For all their similarities, however, authorities say the only known link between the pair is what they did together last Saturday: attempt what investigators describe as an ISIS-inspired attack by throwing explosive devices at a protest outside New York City Mayor Zohran Mamdani’s residence.
Federal prosecutors allege that Balat, 18, and Kayumi, 19, drove to Manhattan from Pennsylvania the morning of March 7, parking a few blocks away from Gracie Mansion before slipping into a crowd that included participants in an anti-Islam demonstration and a group of counterprotesters. The pair was arrested after Balat threw two jars packed with explosive materials at protesters and law enforcement, according to prosecutors.
Neither of the devices detonated, and no one was injured. Balat and Kayumi are being detained on several federal charges, including attempting to provide support to the Islamic State, after prosecutors said the pair made statements about the terrorist group.
Body-camera video from the New York City officers who arrested Kayumi shows him responding “ISIS” to someone in the crowd asking why he had done it, according to a federal complaint.
After waiving his Miranda rights, prosecutors said, Balat pledged his allegiance to the Islamic State and told authorities that he hoped to inflict more carnage than the 2013 Boston Marathon bombing, which left three dead and more than 260 others injured.
Lawyers for Balat and Kayumi did not immediately return requests for comment. Balat’s attorney, Mehdi Essmidi, told NBC News on Monday that Balat has “complicated stuff going on” and suggested that his client did not know Kayumi prior to Saturday.
“They’re strangers to each other,” he said.
Classmates recall a quiet, independent student
While authorities have not detailed how the teenagers knew each other, the two grew up roughly 4 miles apart in Bucks County, Pennsylvania.
Kayumi lives in Newtown, Pennsylvania, on a street lined with 4,000-square-foot brick homes, and manicured lawns. His parents emigrated from Afghanistan and became U.S. citizens in 2004 and 2009, according to CBS News.
On Thursday, no one answered the door, though a Mercedes sat in the driveway. Neighbors a few houses away told NBC News they didn’t know Kayumi or his family well and said they mostly kept to themselves.
Kayumi enrolled part time at nearby Bucks County Community College in September 2024, according to a college spokesperson.
Earlier that year, he had graduated from Council Rock High School North, which has a football field and track, roughly a dozen newly paved tennis courts and a student parking lot packed with luxury cars. Students said the area is not known for the violence prosecutors now allege.

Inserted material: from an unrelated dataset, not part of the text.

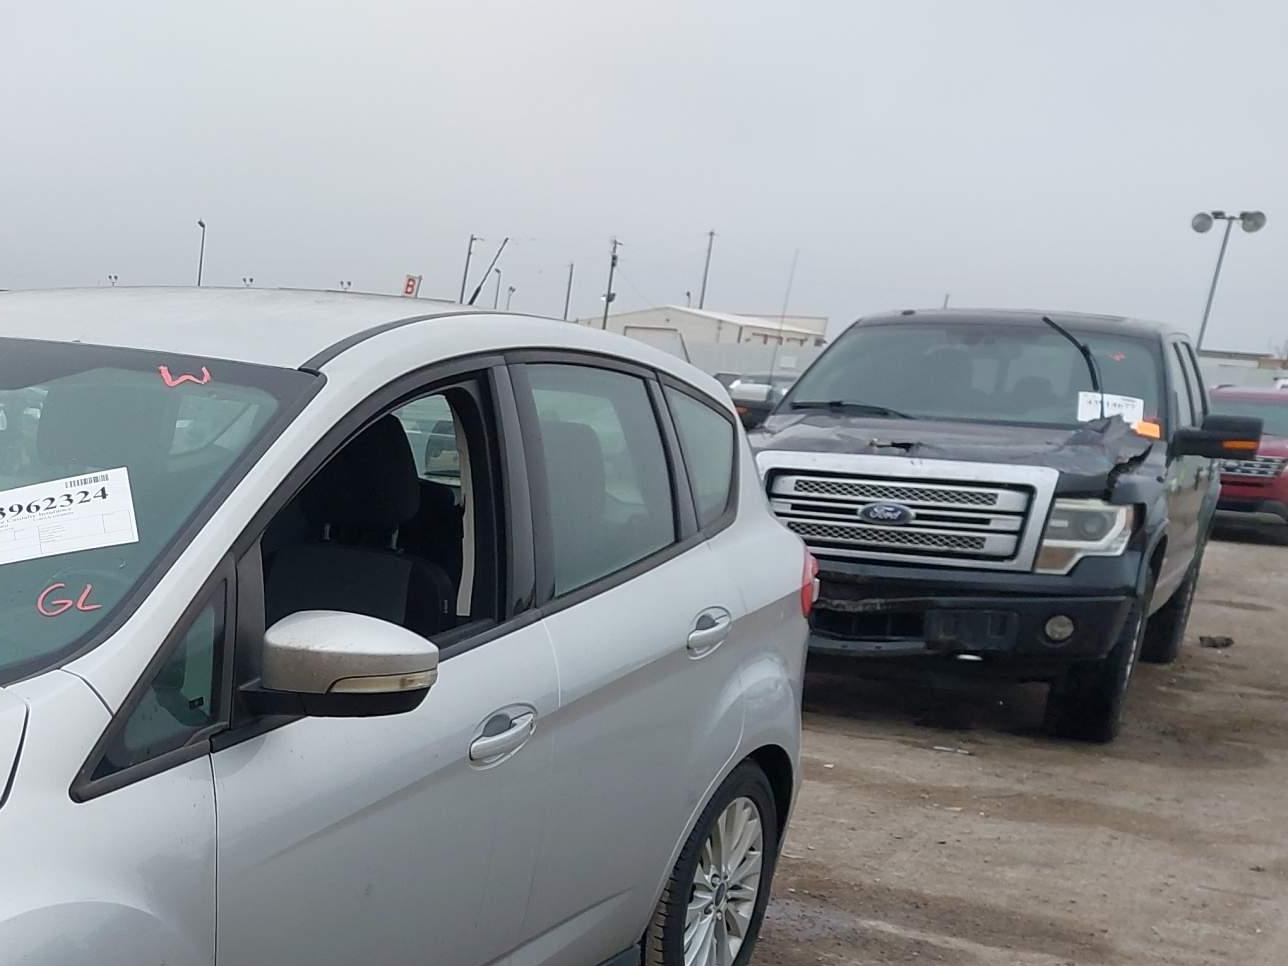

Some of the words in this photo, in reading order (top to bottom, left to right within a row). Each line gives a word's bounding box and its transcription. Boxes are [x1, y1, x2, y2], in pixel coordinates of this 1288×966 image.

[404, 278, 416, 295] B
[869, 507, 902, 520] Ford
[36, 583, 102, 617] GL

“The high school and the town — people are pretty affluent,” said former classmate Connor McCormick. “There’s not really a whole lot of controversy at all.”

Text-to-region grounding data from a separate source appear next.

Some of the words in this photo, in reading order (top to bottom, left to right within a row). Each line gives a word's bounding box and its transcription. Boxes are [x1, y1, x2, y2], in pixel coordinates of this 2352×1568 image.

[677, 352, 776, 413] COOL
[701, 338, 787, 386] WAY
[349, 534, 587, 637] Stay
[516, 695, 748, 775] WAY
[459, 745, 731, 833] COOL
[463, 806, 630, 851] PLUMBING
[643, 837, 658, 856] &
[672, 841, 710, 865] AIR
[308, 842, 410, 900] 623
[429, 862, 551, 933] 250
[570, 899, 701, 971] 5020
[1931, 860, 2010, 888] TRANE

The high school said in a statement that “there is no evidence that he has posed a threat to any Council Rock schools” and encouraged concerned students to consult with their school counselors.
Another former classmate, Matt — who asked that his last name not be published due to fears of retaliation — said he and Kayumi were in smaller classes for children with learning disabilities.

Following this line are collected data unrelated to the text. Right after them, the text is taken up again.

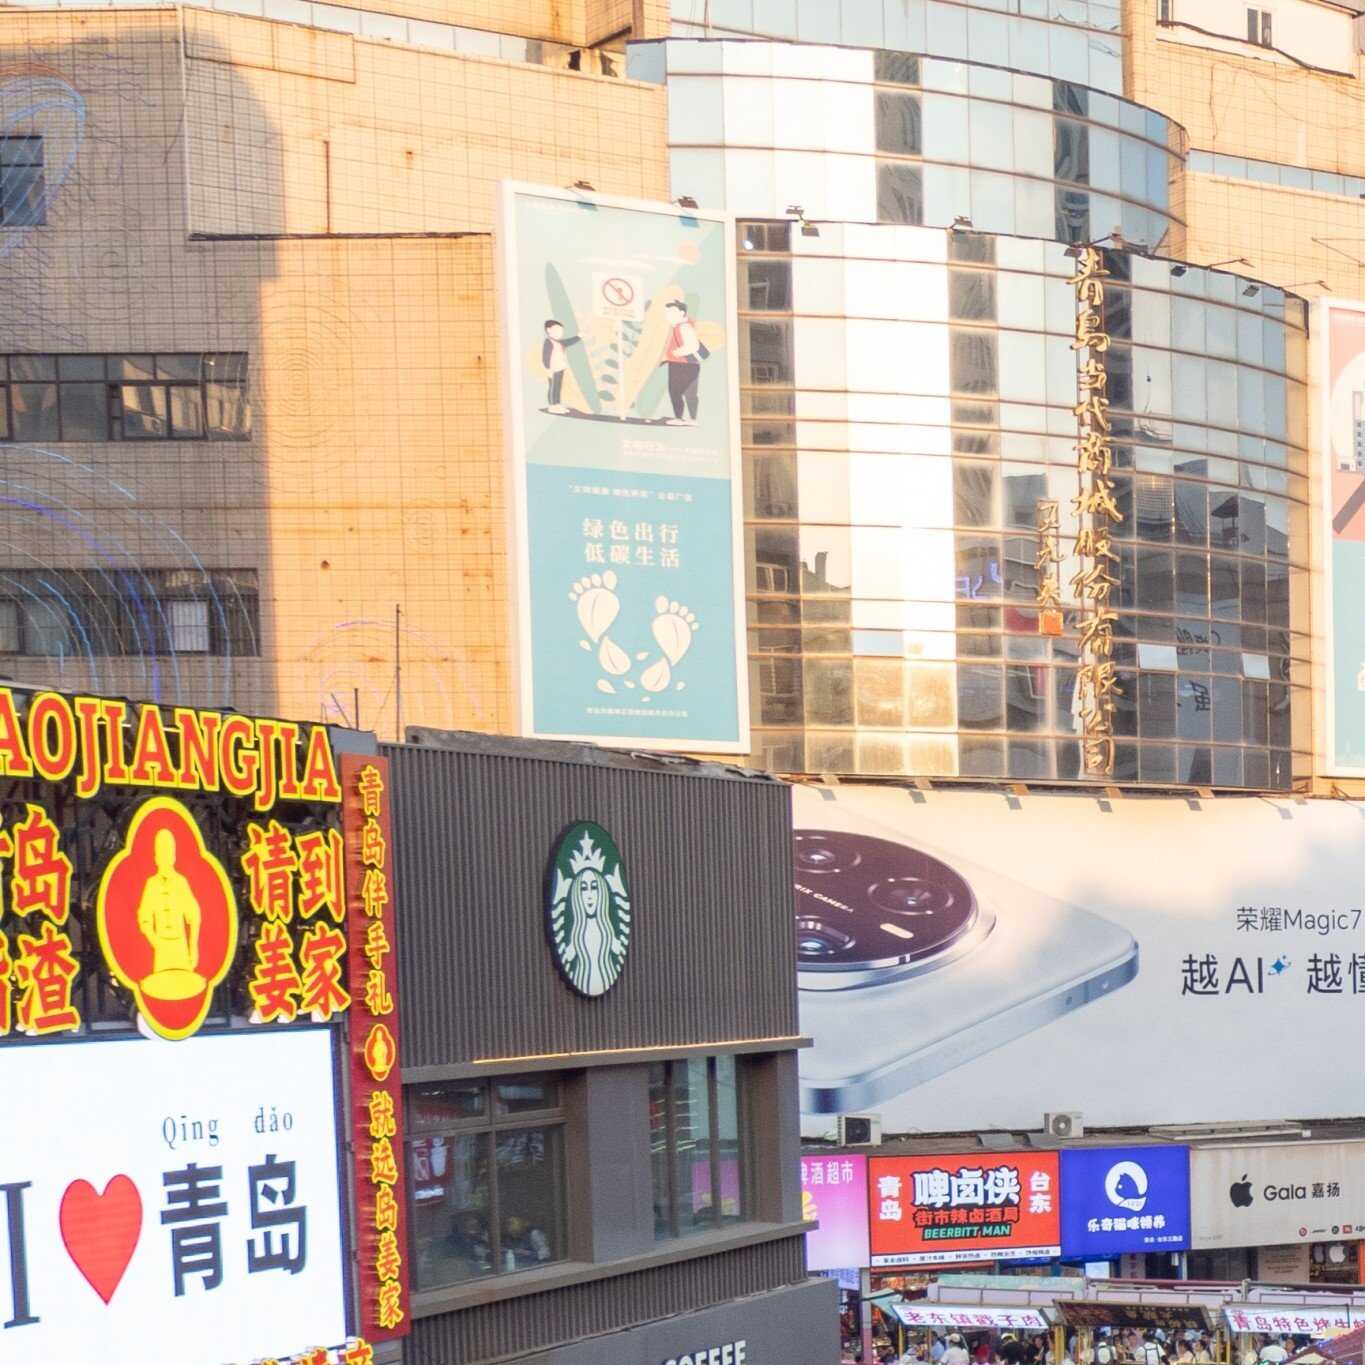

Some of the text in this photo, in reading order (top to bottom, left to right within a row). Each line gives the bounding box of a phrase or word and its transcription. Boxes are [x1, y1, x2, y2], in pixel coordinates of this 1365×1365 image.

[583, 517, 681, 543] 绿色出行
[584, 541, 682, 568] 低碳生活
[0, 803, 345, 926] 岛 请到
[358, 764, 394, 1016] 青岛伴手礼
[1236, 906, 1362, 935] 荣耀Magic7
[0, 920, 352, 1036] 渣 姜家
[368, 1089, 404, 1330] 就选岛姜家
[877, 1175, 902, 1222] 青岛
[911, 1166, 1020, 1208] 啤卤侠
[1030, 1170, 1052, 1214] 台东
[1263, 1181, 1341, 1202] Gala 嘉扬
[158, 1154, 309, 1302] 青岛
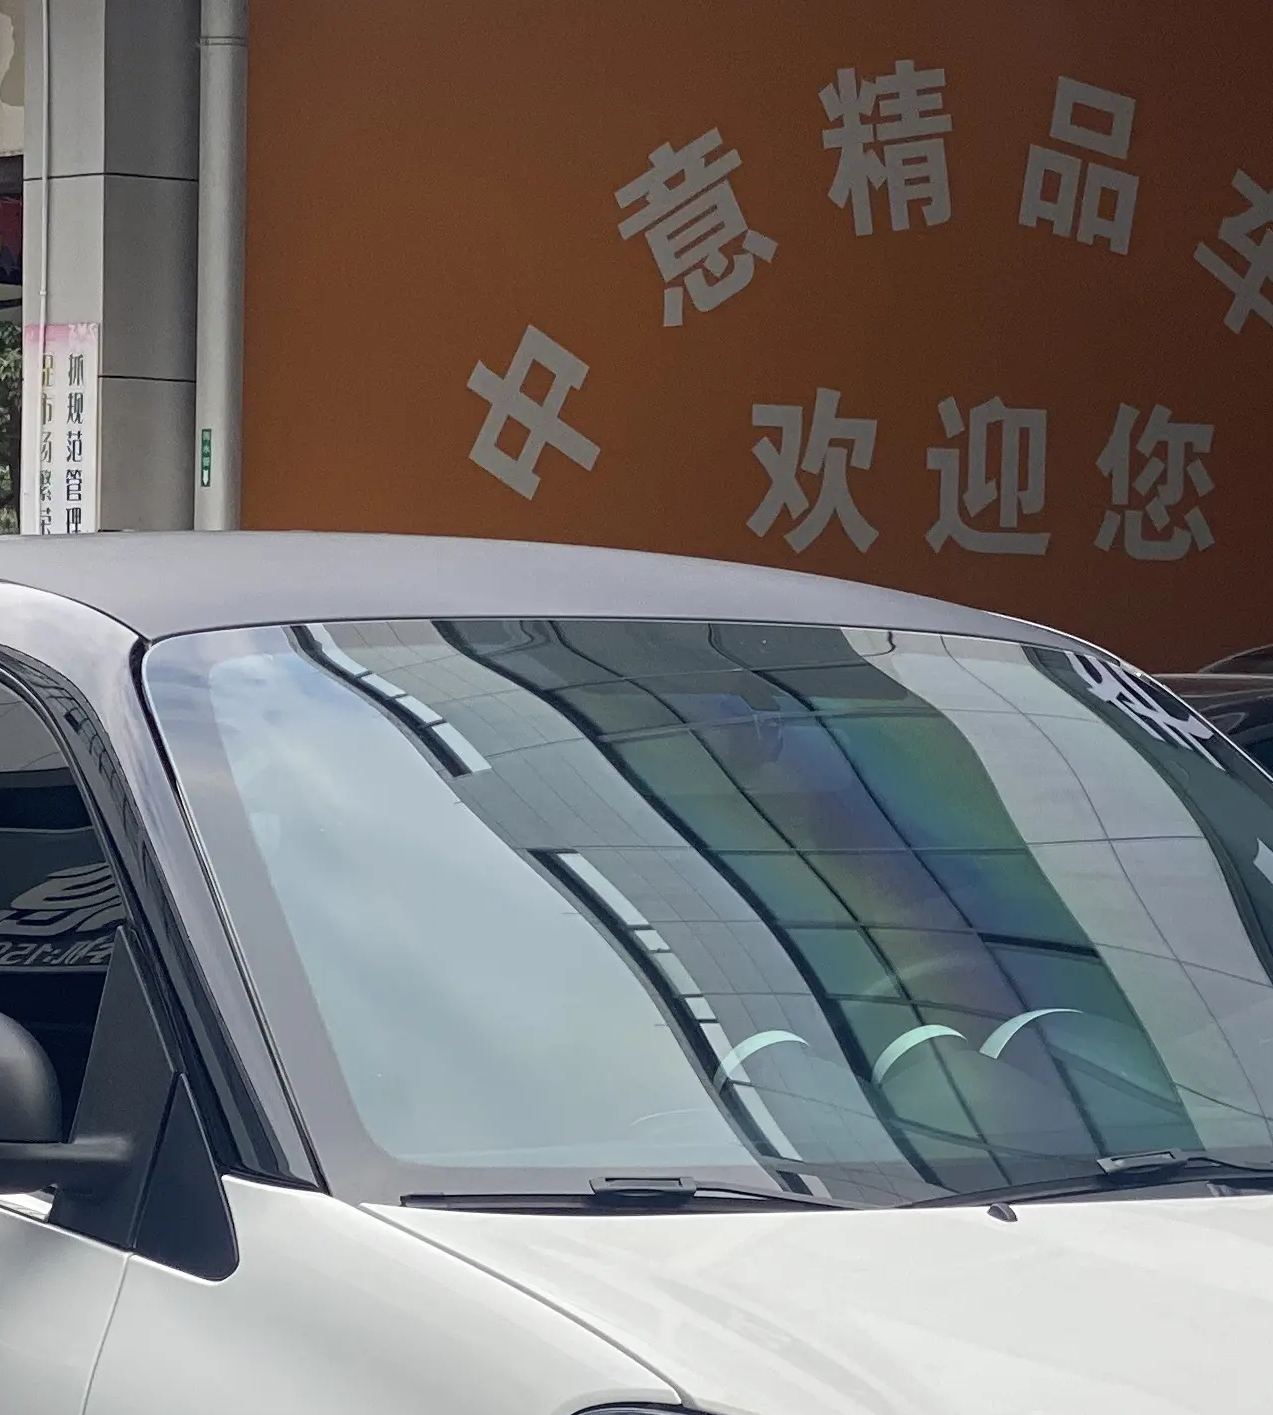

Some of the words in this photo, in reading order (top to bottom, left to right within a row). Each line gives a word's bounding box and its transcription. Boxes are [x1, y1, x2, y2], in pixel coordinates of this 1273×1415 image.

[65, 353, 84, 535] 抓规范管理
[746, 387, 1216, 562] 欢迎您

Matt said that although he and Kayumi saw each other a lot, their conversations were typically brief and one-sided.
“He definitely was very quiet,” Matt said. “He would not talk unless you tried to talk to him, you know what I mean? Like, he would not say a word.”
Matt said that while Kayumi did not get bullied regularly, he was sometimes a target.
“He wasn’t really that violent, but if someone would say something to him, like disrespecting him or something, he wasn’t afraid to say something back,” Matt said.
Matt and Lombardi recalled that Kayumi was involved in at least one physical altercation at school. The two former classmates did not witness the fight and could not recall who else was involved or who instigated it. They said they remember the altercation because physical violence at their high school was “very uncommon.” A representative for the school declined to comment on Kayumi’s student records.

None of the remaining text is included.